Progressive Conservatives
- Open 15,000 LTC in five years, and a total of 30,00 over next 10 years.
- No specific promise on increase in hospital funding, new hospital beds or new nurses.
‘Game of blame-and-shame’: Drummond
For almost two decades, Dr. Alan Drummond has been battling the diagnosis that emergency room crowding was caused by people using the hospital for minor medical issues.
“It was the game of blame-and-shame, whereas the real issue was to increase bed capacity,” said Drummond, an emergency room doctor in Perth, Ont., and spokesman for the Canadian Association of Emergency Physicians. “And just now we’re starting to see the province, especially in this election, talking about crowded hospitals and bed capacity issues and greater access to nursing home beds.”
About 15 per cent of patients in hospitals are people who are not well enough to go home and require an acute level of care, many of whom are seniors waiting for a spot in an LTC facility.

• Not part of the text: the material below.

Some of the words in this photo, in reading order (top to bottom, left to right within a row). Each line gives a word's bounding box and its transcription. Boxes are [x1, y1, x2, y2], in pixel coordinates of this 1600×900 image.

For every day an elderly person waits in hospital for a long-term care spot, said Drummond, four to six patients can’t be seen because there isn’t any treatment space in the emergency room. And if the emergency room is full, then paramedics can’t drop off their patients, which means there are sometimes no ambulances available in the community. Surgeries are cancelled because there are no recovery beds.
Cure for overcrowding ‘may be home care’
But even if the winning party can actually fulfil its pledges — they are talking about a 50-per-cent ramp up in the number of LTC beds over the next decade — it’s unlikely to keep up with demand.

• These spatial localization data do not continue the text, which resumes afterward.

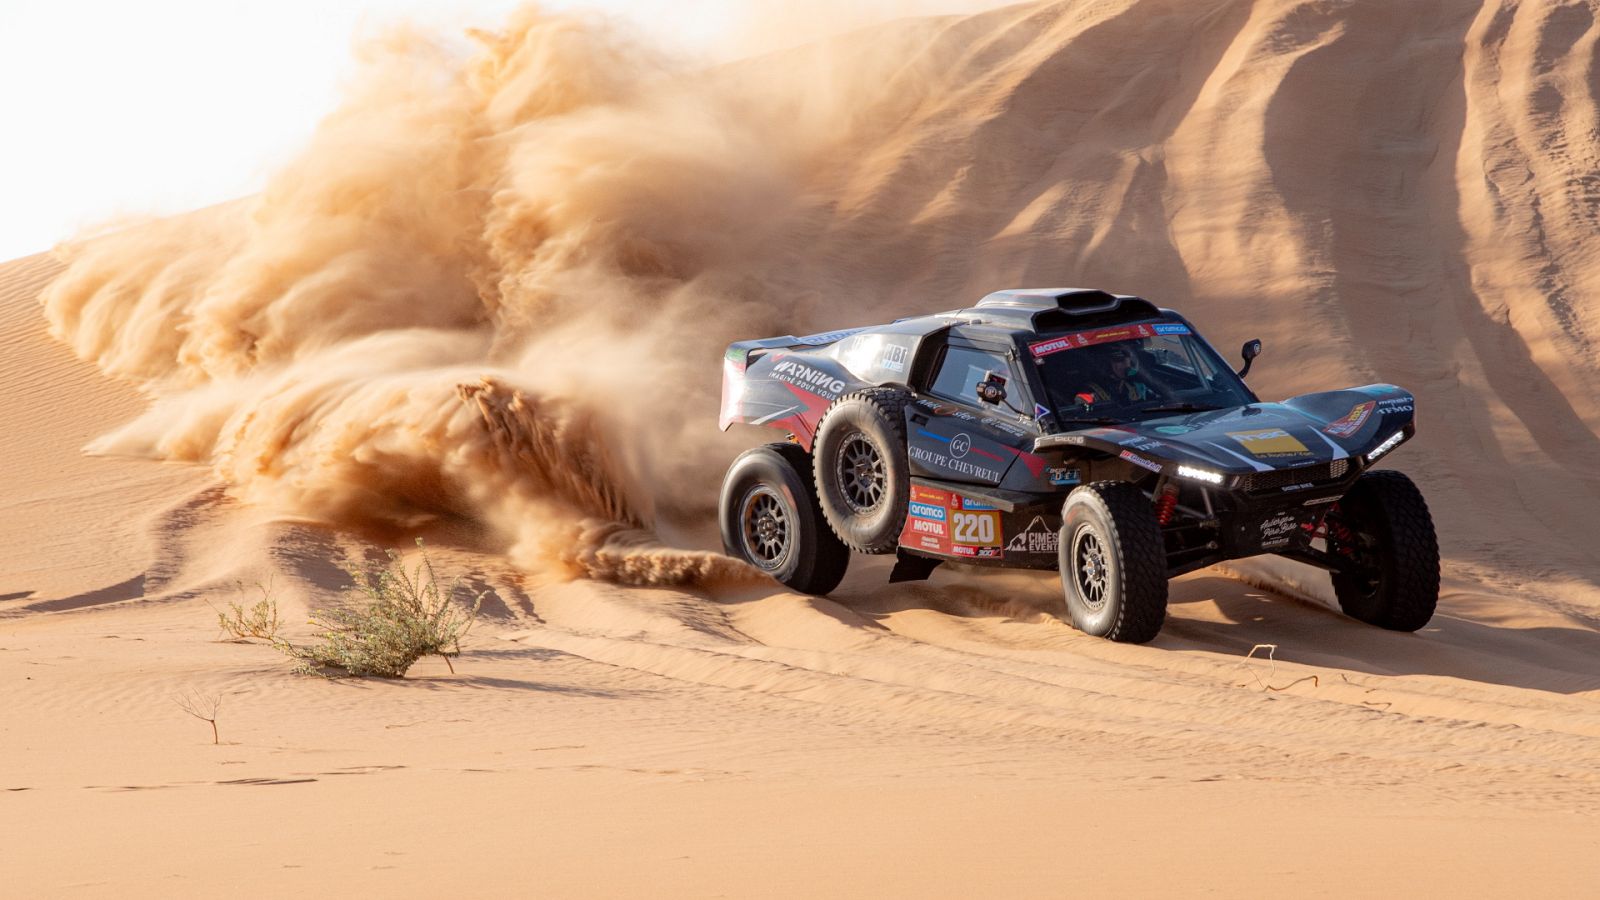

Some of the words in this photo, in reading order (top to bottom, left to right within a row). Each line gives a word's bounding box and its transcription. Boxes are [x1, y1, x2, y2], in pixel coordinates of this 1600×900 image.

[1034, 340, 1069, 354] MOTUL
[796, 380, 816, 392] POUR
[817, 389, 837, 401] VOUS
[952, 439, 968, 452] GC
[908, 445, 948, 467] GROUPE
[948, 458, 1001, 483] CHEVREUL
[911, 504, 944, 518] aramco
[913, 520, 944, 534] MOTUL
[953, 512, 995, 543] 220
[1029, 532, 1058, 543] CIMES
[953, 546, 975, 554] MOTUL

Just to move patients who are waiting for acute care out of hospital beds would require 5,000 LTC spots immediately. And then there are the 32,000 people on the wait list for a long-term care bed, a list that is only expected to keep growing.
Dr. Danielle Martin, the vice-president of Women’s College Hospital in Toronto, said while “some additional supply” of beds would help, it isn’t the long-term solution. It will be too expensive and more importantly, she said, it’s not how people want to age.
Transforming the health-care system to be more home-based is akin like ‘rebuilding the plane while it’s flying.– Dr. Danielle Martin
“The cure for emergency department wait times may be home care, so that people can leave the hospital, go home, recuperate at home and get the care that they need,” said Martin.
She cites a program at her hospital that allows some hip or knee replacement surgery patients to go home the same day. Patients can keep in touch with the hospital through a special iPad app. The Ottawa Hospital has a similar program.
“We don’t have an innovation problem in Canadian health care,” said Martin.
The problem, she said, is that hospitals develop successful pilot projects that are never adopted across the entire system.
“So what’s it going to take from doing same-day knee replacements at Women’s College Hospital to doing them across the entirety of the health care system?”
It’s an expensive proposition, in the short term. At some point the government would have to fund the older, hospital-centric system while ramping up a more nimble home-based one, something akin to “rebuilding the plane while it’s flying,” said Martin.
Drummond, who calls the current level of home care in Ontario “a joke,” is skeptical that transformation of health care is coming any time soon.
“Waiting for transformational change is like that horrible play my kids had to read, Waiting for Godot. I mean, it’s never going to happen any time soon,” he said.
“How long do you want our patients to suffer in the hallways? For another 30 years? Is that O.K.? No, it is not.”